╔══

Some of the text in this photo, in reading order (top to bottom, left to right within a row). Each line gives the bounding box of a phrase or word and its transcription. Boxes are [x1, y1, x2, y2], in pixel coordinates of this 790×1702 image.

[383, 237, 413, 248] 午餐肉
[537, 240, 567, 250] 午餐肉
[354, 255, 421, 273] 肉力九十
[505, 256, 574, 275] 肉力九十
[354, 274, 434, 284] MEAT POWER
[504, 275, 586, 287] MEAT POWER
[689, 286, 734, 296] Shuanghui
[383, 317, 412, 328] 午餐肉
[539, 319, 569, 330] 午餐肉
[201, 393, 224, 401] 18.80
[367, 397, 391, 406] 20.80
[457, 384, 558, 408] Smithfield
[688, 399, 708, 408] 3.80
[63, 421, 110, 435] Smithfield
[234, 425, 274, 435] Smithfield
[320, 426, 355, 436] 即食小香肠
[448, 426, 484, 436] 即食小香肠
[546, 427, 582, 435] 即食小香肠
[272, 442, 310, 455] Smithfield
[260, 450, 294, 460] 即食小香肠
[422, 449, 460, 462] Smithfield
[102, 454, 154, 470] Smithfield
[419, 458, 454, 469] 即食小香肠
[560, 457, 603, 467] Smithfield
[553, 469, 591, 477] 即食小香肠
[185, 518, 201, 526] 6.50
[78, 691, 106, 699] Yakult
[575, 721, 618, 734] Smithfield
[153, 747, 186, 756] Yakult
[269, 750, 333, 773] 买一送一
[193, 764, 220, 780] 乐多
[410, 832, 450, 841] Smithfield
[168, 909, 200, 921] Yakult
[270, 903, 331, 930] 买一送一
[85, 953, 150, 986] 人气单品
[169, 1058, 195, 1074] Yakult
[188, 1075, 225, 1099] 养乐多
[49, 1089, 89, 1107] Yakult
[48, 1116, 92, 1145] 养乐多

╚══

Make an exact copy of all the entries above.

**Your response:**
Some of the text in this photo, in reading order (top to bottom, left to right within a row). Each line gives the bounding box of a phrase or word and its transcription. Boxes are [x1, y1, x2, y2], in pixel coordinates of this 790×1702 image.

[383, 237, 413, 248] 午餐肉
[537, 240, 567, 250] 午餐肉
[354, 255, 421, 273] 肉力九十
[505, 256, 574, 275] 肉力九十
[354, 274, 434, 284] MEAT POWER
[504, 275, 586, 287] MEAT POWER
[689, 286, 734, 296] Shuanghui
[383, 317, 412, 328] 午餐肉
[539, 319, 569, 330] 午餐肉
[201, 393, 224, 401] 18.80
[367, 397, 391, 406] 20.80
[457, 384, 558, 408] Smithfield
[688, 399, 708, 408] 3.80
[63, 421, 110, 435] Smithfield
[234, 425, 274, 435] Smithfield
[320, 426, 355, 436] 即食小香肠
[448, 426, 484, 436] 即食小香肠
[546, 427, 582, 435] 即食小香肠
[272, 442, 310, 455] Smithfield
[260, 450, 294, 460] 即食小香肠
[422, 449, 460, 462] Smithfield
[102, 454, 154, 470] Smithfield
[419, 458, 454, 469] 即食小香肠
[560, 457, 603, 467] Smithfield
[553, 469, 591, 477] 即食小香肠
[185, 518, 201, 526] 6.50
[78, 691, 106, 699] Yakult
[575, 721, 618, 734] Smithfield
[153, 747, 186, 756] Yakult
[269, 750, 333, 773] 买一送一
[193, 764, 220, 780] 乐多
[410, 832, 450, 841] Smithfield
[168, 909, 200, 921] Yakult
[270, 903, 331, 930] 买一送一
[85, 953, 150, 986] 人气单品
[169, 1058, 195, 1074] Yakult
[188, 1075, 225, 1099] 养乐多
[49, 1089, 89, 1107] Yakult
[48, 1116, 92, 1145] 养乐多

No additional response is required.